To ease pressure from the camps and to maintain law and order, Bangladesh has initiated a plan to relocate some 100,000 Rohingya refugees to Bhashan Char, situated in the district of Noakhali- a temporary relocation plan until the repatriation resumes. In the meantime, the World Bank proposes ‘local integration’- one of the three solutions uttered by UNHCR- of Rohingya refugees in the global Refugee Policy Review Framework promising financial assistance. Does the proposal make any sense for a country that is not a signatory of the 1951 Geneva convention, massively burdened with overpopulation and in a crucial position of its development transition? And why ‘local integration’ is a wrong policy persuasion?

First, The Rohingya FDMNs are not interested in getting the citizenship of Bangladesh. In response to the World Bank’s proposal for integrating Rohingyas into Bangladesh, the Arakan Rohingya Society for Peace and Human Rights (ARSPHR) stated that their only goal is to return to their “native motherland with dignity, safety, and security”. ARSPHR Chairman Mohib Ullah said the World Bank recommendation will only produce more glitches for the Rohingya that temporarily live here.

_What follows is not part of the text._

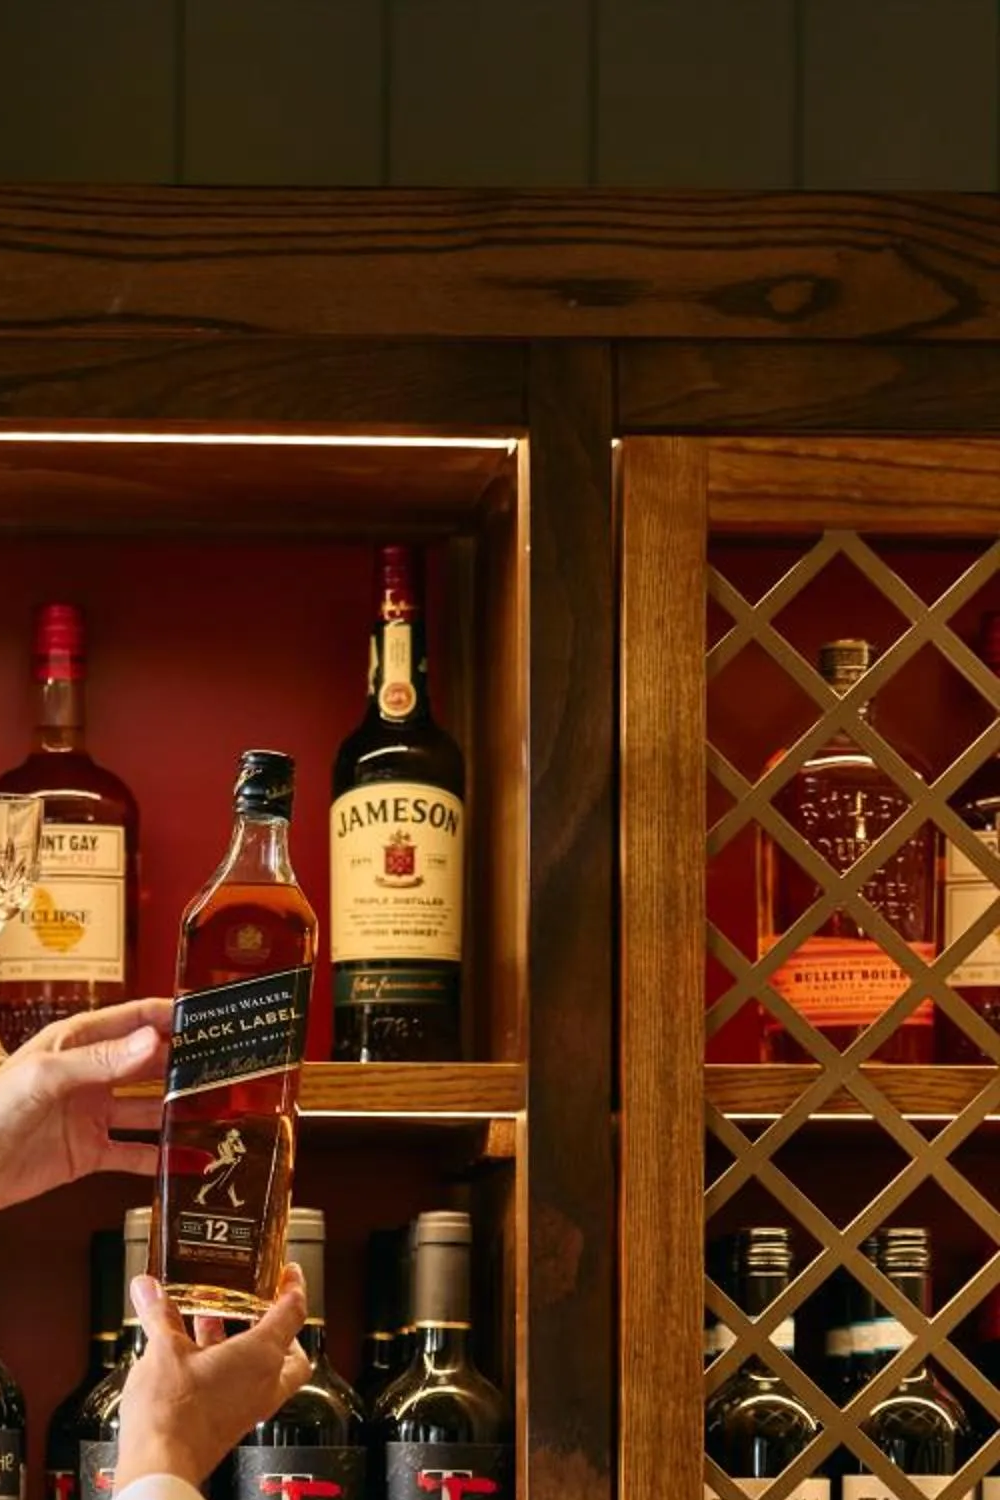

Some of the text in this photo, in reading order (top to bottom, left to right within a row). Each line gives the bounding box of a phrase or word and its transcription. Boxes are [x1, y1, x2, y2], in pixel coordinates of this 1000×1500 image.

Second, the ‘local integration’ plan will inspire the Tatmadaw creating more havoc and the rest of the Rohingyas in Myanmar will be inclined to cross the border and taking refuge in Bangladesh. The World Bank proposal is directly or indirectly supporting the intention of the government of Myanmar, which forcibly pushed them out from Rakhine and committed genocide against them. The failure to address the genocide as a “genocide” as well as integrating them locally will make the crisis a complex one.

Third, “Local integration” has an obvious demographic conflict between the hosting and asylum seekers. The people of Bangladesh have been showing exemplary compassion to the Arakan Muslims, however, local integration will fade away the sympathy and the ‘we versus them’ conflict will be the decisive consequence. Besides, integrating a massive number of approximately 1.2 million Rohingyas will change the demographic shift of the strategically important part of Bangladesh.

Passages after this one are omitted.